The Occupational Safety and Health Administration (OSHA) has published a proposed rule to restore and expand Obama-era requirements for high-hazard employers with at least 100 employees to submit their injury and illness forms electronically to the agency.
Increased reporting requirements will hit construction firms particularly hard, as the U.S. Bureau of Labor Statistics reports that approximately 150,000 construction workers (about one in 10) experience an on-the-job injury each year. Until now, the agency had required fewer employers to submit electronic reports with less detailed information.
In 2016, OSHA under the Obama Administration promulgated the Improve Tracking of Workplace Injuries and Illnesses Rule to require construction firms and employers in other hazardous industries with at least 250 employees submit their OSHA Form 300 (Log of Work-Related Injuries and Illnesses) and OSHA Form 301 (Injury and Illness Incident Report) to OSHA electronically.
In 2018, the Trump Administration’s OSHA modified the Obama-era rule to ease industry concerns that the agency might use electronic injury and illness reports to shame employers by publishing the information on its website, which could be viewed by news media, unions, industry competitors, and the public.

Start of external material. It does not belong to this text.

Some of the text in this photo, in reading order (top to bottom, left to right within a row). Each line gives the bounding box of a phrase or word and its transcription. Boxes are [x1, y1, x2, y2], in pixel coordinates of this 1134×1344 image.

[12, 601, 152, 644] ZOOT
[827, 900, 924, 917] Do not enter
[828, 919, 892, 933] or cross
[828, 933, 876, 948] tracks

Thus, OSHA limited the original rule to require employers to electronically submit only summary data on OSHA Form 300A (Summary of Work-Related Injuries and Illnesses).
Under the Biden Administration, OSHA proposed not only to return to the Obama-era rule originally promulgated in 2016, but to expand the number of firms that must comply with it by dropping the threshold number of employees from 250 to 100. According to one source, the threshold drop would add more than 9,300 construction firms into OSHA’s new electronic recordkeeping requirement.
If finalized, the proposed rule would reverse the 2018 rollback of the proposal limiting electronic reports to summary data only by reinstating the requirement to provide the more detailed injury and illness data in OSHA Forms 300 and 301. The reports will be required even when employers have complied with OSHA standards, and employers will have to identify themselves on reports by name.
Addressing previously raised privacy concerns in its proposal, OSHA said, “[R]ecent advancements in technology [that] have reduced the risk that information that reasonably identifies individuals directly, such as name and contact information, will be disclosed to the public.” The agency said it hopes that expanding the electronic reporting mandate will provide analysis of “establishment-specific, case-specific injury and illness data” that will enable the agency to focus compliance efforts on particular employers and industries. OSHA confirmed that it intends to make aspects of the information publicly available.